TO DO ::
Write out each record below exactly, without pictures.
-------
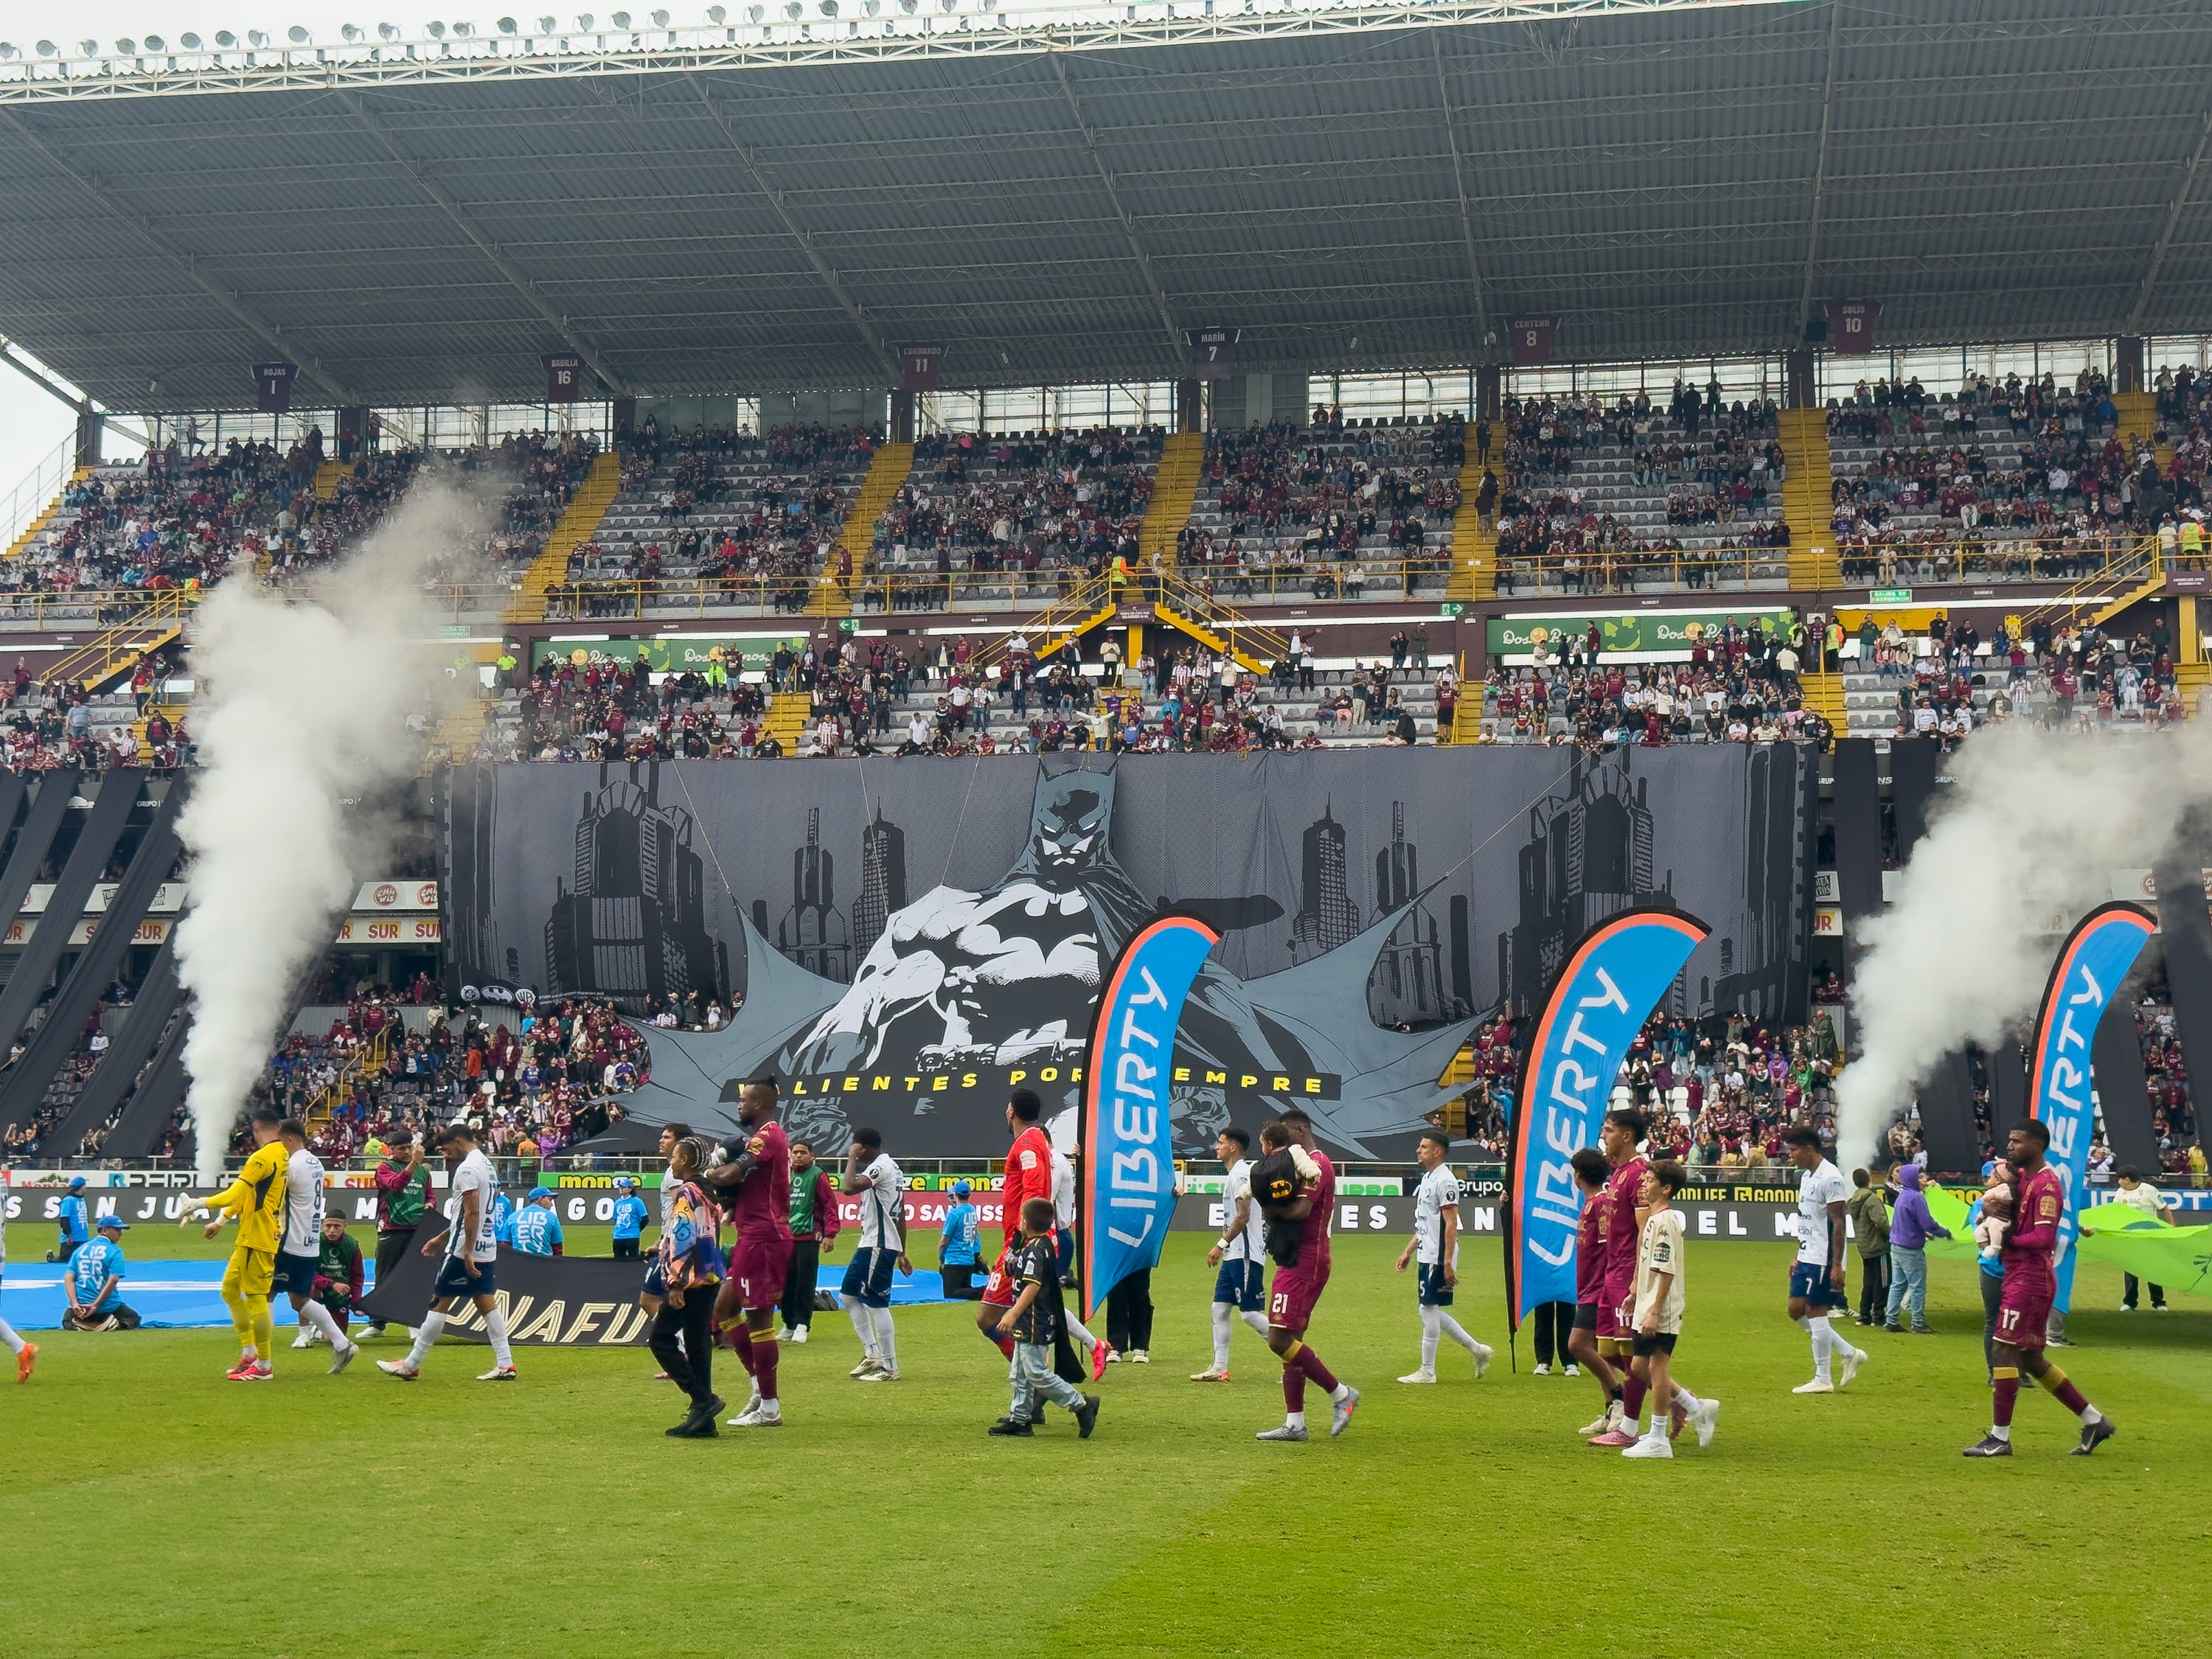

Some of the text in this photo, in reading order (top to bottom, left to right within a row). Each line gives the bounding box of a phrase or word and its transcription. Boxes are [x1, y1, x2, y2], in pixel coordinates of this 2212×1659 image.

[1846, 318, 1861, 333] 10
[1202, 331, 1225, 343] MARÍN
[1526, 330, 1537, 347] 8
[904, 347, 942, 355] CORONADO
[1208, 346, 1217, 361] 7
[264, 368, 286, 376] ROJAS
[916, 358, 928, 372] 11
[557, 370, 571, 385] 16
[1503, 630, 1532, 644] Dos
[1658, 625, 1687, 640] Dos
[548, 650, 568, 665] Do
[684, 649, 710, 662] Dos
[415, 922, 441, 939] SU
[1814, 914, 1832, 931] UR
[369, 923, 399, 939] SUR
[738, 1073, 978, 1095] LIENTES
[1175, 1068, 1321, 1093] EMPRE
[1108, 965, 1168, 1248] LIBERTY
[1528, 967, 1630, 1266] LIBERTY
[314, 1180, 321, 1210] 8
[44, 1195, 117, 1219] SN
[518, 1211, 547, 1225] LIB
[518, 1225, 546, 1240] ER
[79, 1244, 107, 1259] LIB
[78, 1259, 103, 1275] ER
[77, 1274, 104, 1290] TY
[741, 1277, 749, 1296] 4
[1806, 1277, 1813, 1295] 7
[1272, 1293, 1289, 1314] 21
[445, 1289, 649, 1343] UNAFU
[2002, 1309, 2020, 1331] 17
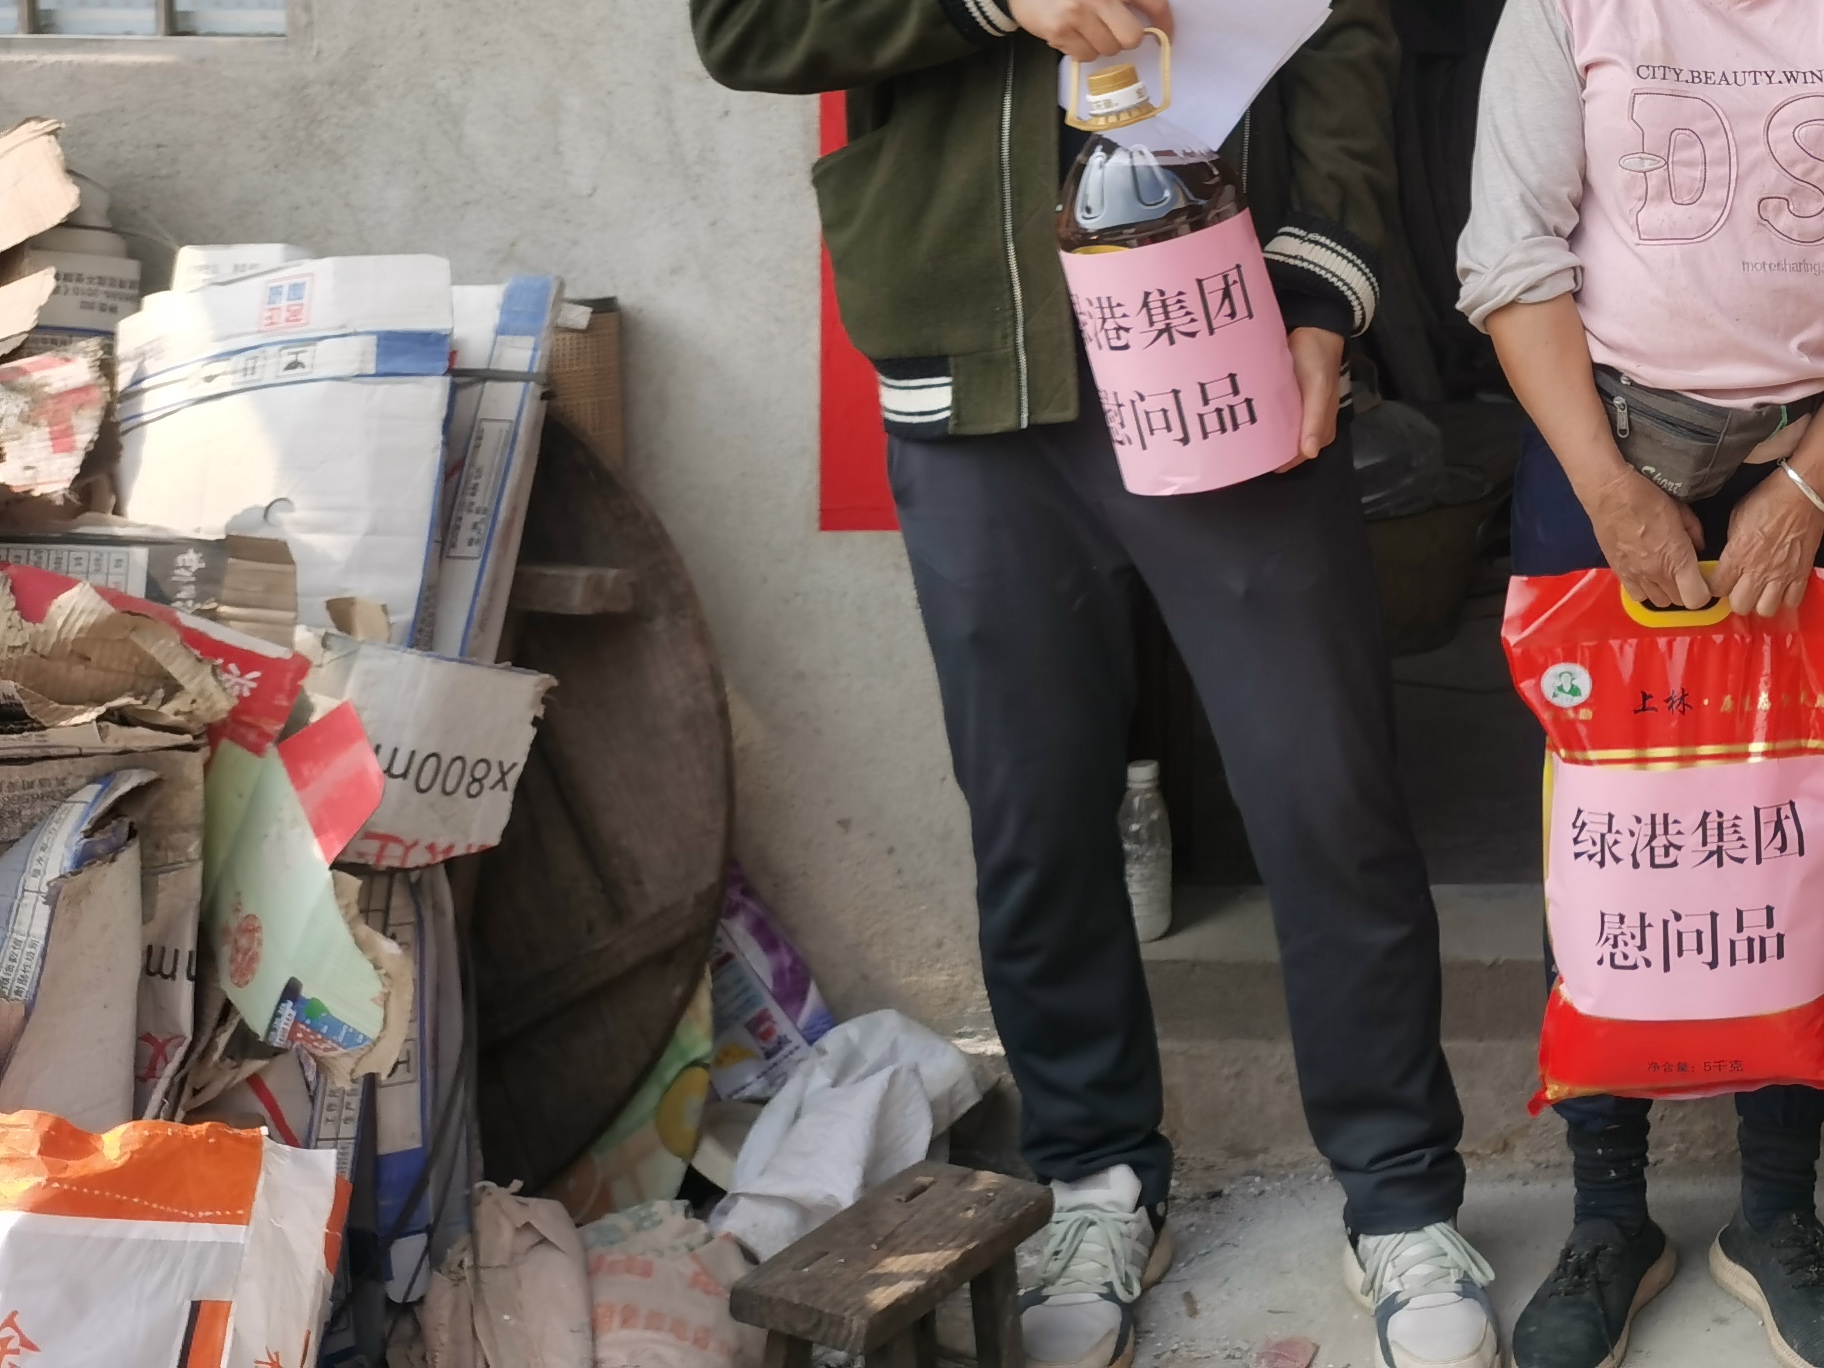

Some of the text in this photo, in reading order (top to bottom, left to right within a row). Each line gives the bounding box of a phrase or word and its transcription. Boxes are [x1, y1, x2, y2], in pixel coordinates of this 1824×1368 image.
-------
ANSWER BOX ::
Some of the text in this photo, in reading order (top to bottom, left to right within a row). Each line gives the bounding box of a phrase or word and its transcription. Boxes are [x1, y1, x2, y2], in pixel coordinates of this 2212×1659 image.

[1846, 318, 1861, 333] 10
[1202, 331, 1225, 343] MARÍN
[1526, 330, 1537, 347] 8
[904, 347, 942, 355] CORONADO
[1208, 346, 1217, 361] 7
[264, 368, 286, 376] ROJAS
[916, 358, 928, 372] 11
[557, 370, 571, 385] 16
[1503, 630, 1532, 644] Dos
[1658, 625, 1687, 640] Dos
[548, 650, 568, 665] Do
[684, 649, 710, 662] Dos
[415, 922, 441, 939] SU
[1814, 914, 1832, 931] UR
[369, 923, 399, 939] SUR
[738, 1073, 978, 1095] LIENTES
[1175, 1068, 1321, 1093] EMPRE
[1108, 965, 1168, 1248] LIBERTY
[1528, 967, 1630, 1266] LIBERTY
[314, 1180, 321, 1210] 8
[44, 1195, 117, 1219] SN
[518, 1211, 547, 1225] LIB
[518, 1225, 546, 1240] ER
[79, 1244, 107, 1259] LIB
[78, 1259, 103, 1275] ER
[77, 1274, 104, 1290] TY
[741, 1277, 749, 1296] 4
[1806, 1277, 1813, 1295] 7
[1272, 1293, 1289, 1314] 21
[445, 1289, 649, 1343] UNAFU
[2002, 1309, 2020, 1331] 17

Some of the text in this photo, in reading order (top to bottom, left to right within a row). Each line gives the bounding box of a phrase or word and its transcription. Boxes are [x1, y1, x2, y2], in pixel coordinates of this 1824×1368 image.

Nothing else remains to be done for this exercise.